**Required action:** No picture belongs in the copy. Repeat each line below exactly.

────────

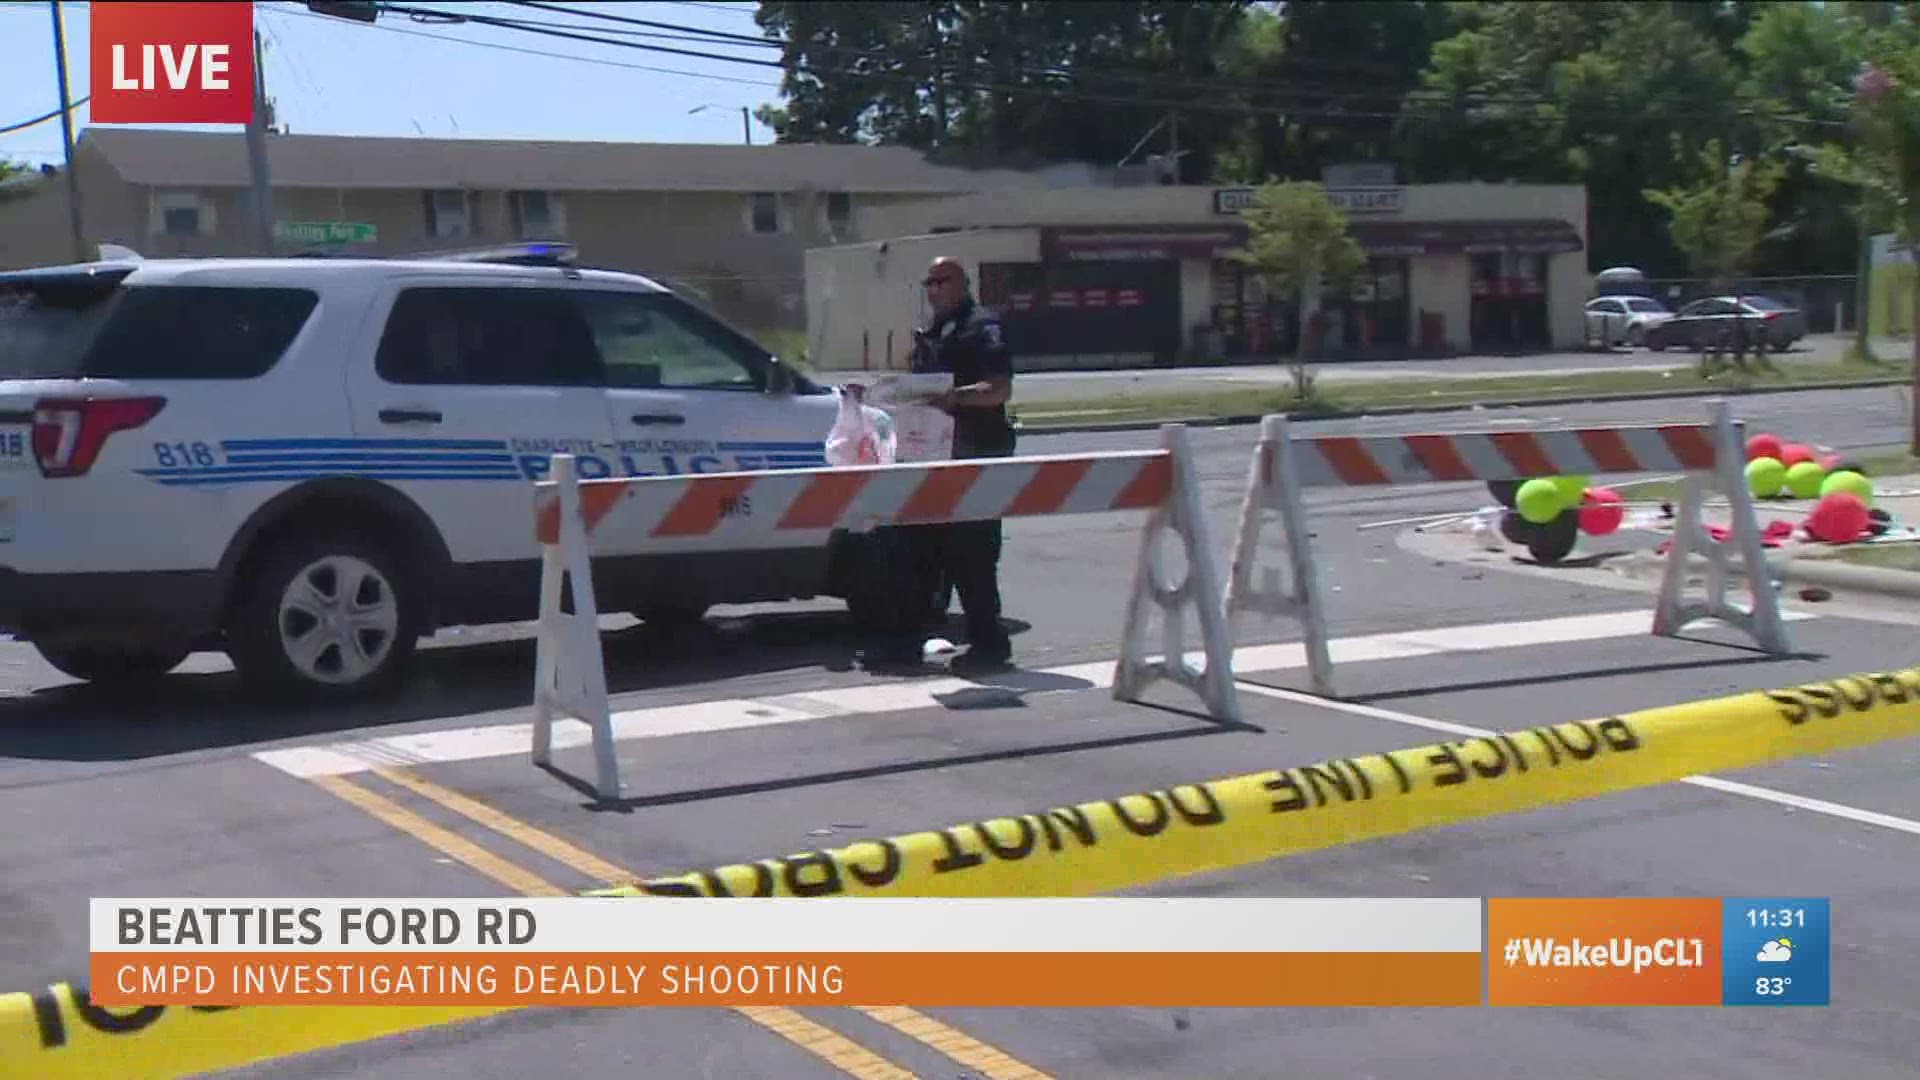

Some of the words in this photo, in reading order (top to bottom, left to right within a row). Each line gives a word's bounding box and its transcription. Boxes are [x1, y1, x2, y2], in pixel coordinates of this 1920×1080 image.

[153, 441, 215, 467] 818
[519, 454, 763, 481] POLICE
[1770, 669, 1920, 725] ROSS
[1429, 716, 1641, 788] POLICE
[1113, 783, 1227, 837] DO
[1263, 751, 1409, 814] LINE
[932, 806, 1096, 875] NOT
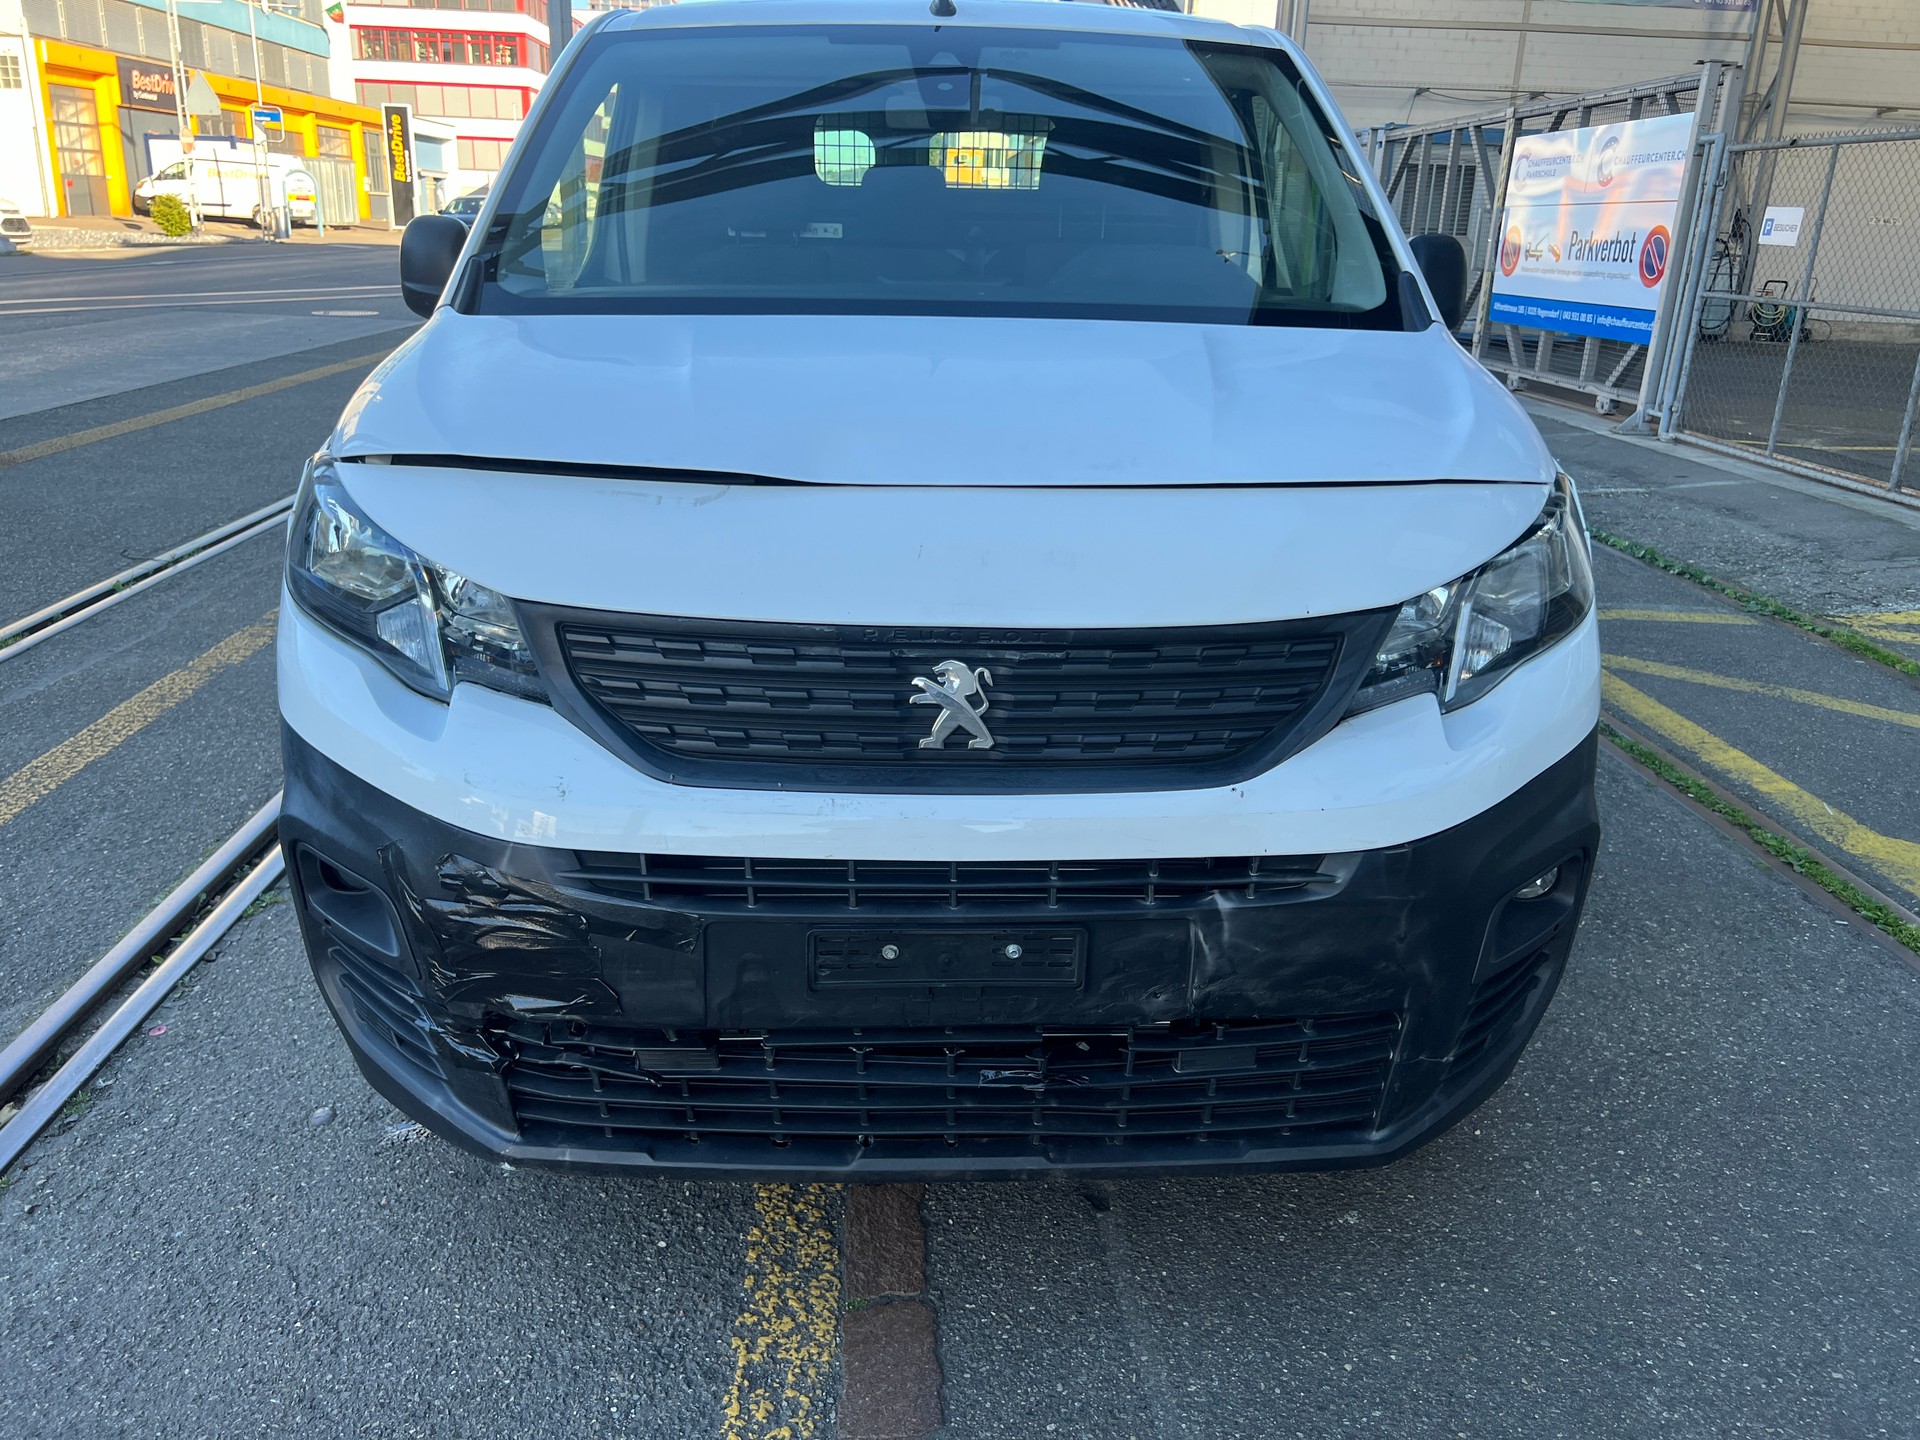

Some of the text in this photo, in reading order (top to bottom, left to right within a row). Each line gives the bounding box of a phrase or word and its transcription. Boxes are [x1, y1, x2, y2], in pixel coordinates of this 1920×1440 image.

[132, 69, 177, 95] BestDriv
[388, 114, 407, 182] BestDrive
[1567, 230, 1637, 263] Parkverbot

────────

**Solution for this exercise:**
Some of the words in this photo, in reading order (top to bottom, left to right within a row). Each line gives a word's bounding box and its transcription. Boxes are [x1, y1, x2, y2], in pixel coordinates of this 1920×1080 image.

[153, 441, 215, 467] 818
[519, 454, 763, 481] POLICE
[1770, 669, 1920, 725] ROSS
[1429, 716, 1641, 788] POLICE
[1113, 783, 1227, 837] DO
[1263, 751, 1409, 814] LINE
[932, 806, 1096, 875] NOT

Some of the text in this photo, in reading order (top to bottom, left to right within a row). Each line gives the bounding box of a phrase or word and its transcription. Boxes are [x1, y1, x2, y2], in pixel coordinates of this 1920×1440 image.

[132, 69, 177, 95] BestDriv
[388, 114, 407, 182] BestDrive
[1567, 230, 1637, 263] Parkverbot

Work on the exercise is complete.